Com o pé assente no último trimestre do ano começamos a selecionar os discos que marcaram este menos pomposo 2020, enquanto vamos explorando novo material. Com algumas edições agendadas para o final do mês já a dar que falar, fazemos um apanhado dos lançamentos que pautaram o mês de setembro e daqueles que já deram à costa nestes primeiros dias de outubro.
Dos trabalhos que rodaram na nossa playlist segue assim destaque para os novos discos de Pet Shimmers – Trash Earthers (2020, self-released); Oh Sees – Protean Threat (2020, Castle Face Records); Bonifácio – Hanami (2020, Regulator Records); Eartheater – Phoenix: Flames Are Dew Upon My Skin (2020, PAN); e, por fim, French Police – “Feo / Craving You” (2020, Icy Cold Records).
As opiniões relativas aos mencionados trabalhos – que aqui de apresentam de géneros tão díspares entre si – bem como os players disponibilizados para a audição das obras podem agora consumir-se abaixo.
8.2/10
Meses depois de se estrearem com Face Down in Meta, os Pet Shimmers estão de volta com Trash Earthers. Quem ouviu o álbum de estreia da banda inglesa ou o trabalho a solo do vocalista e guitarrista Oliver Wilde estará familiarizado com a sonoridade do novo disco. Predomina um pop lo-fi psicadélico no qual o ruído de fundo é aconchegante, mesmo nos momentos de maior distorção. Fazem lembrar (Sandy) Alex G, mas os arranjos maximalistas produzidos de forma pouco tradicional conferem-lhes uma personalidade própria e distinta.
Trash Earthers é mais consistentemente cativante que Face Down in Meta, não havendo momentos enfadonhos, apesar de não contar com faixas tão arrebatadoras como as viciantes “Super Natural Teeth” e “Mortal Sport Argonaut”. Ainda assim, há muito a apreciar, sejam os riffs de “Coattails”, a instrumentação arrojada de “Uhtceare” ou as melodias vocais de “The Mouth Of”. Cada faixa tem algo a oferecer.
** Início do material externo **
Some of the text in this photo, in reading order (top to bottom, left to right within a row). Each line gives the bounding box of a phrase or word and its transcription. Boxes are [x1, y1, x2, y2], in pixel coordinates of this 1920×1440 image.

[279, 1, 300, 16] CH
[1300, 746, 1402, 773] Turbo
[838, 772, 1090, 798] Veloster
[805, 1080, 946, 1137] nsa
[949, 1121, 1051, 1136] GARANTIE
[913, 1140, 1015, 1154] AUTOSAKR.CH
Se procuram uma abordagem fresca ao psicadelismo do século XXI, aqui têm uma resposta. Com apontamentos de shoegaze ou indietronica, violinos misturados com sintetizadores e loops eletrónicos, múltiplas vozes a cantar em simultâneo e detalhes deliciosos, os Pet Shimmers não desiludem.
Há uma piada sobre os Osees (ex-Orinoka Crash Suite, OCS, Orange County Sound, The Ohsees, The Oh Sees, Thee Oh Sees, ou Oh Sees), publicada na Hard Times, que diz que “De alguma forma, um novo álbum dos Thee Oh Sees foi lançado antes do seu novo álbum”.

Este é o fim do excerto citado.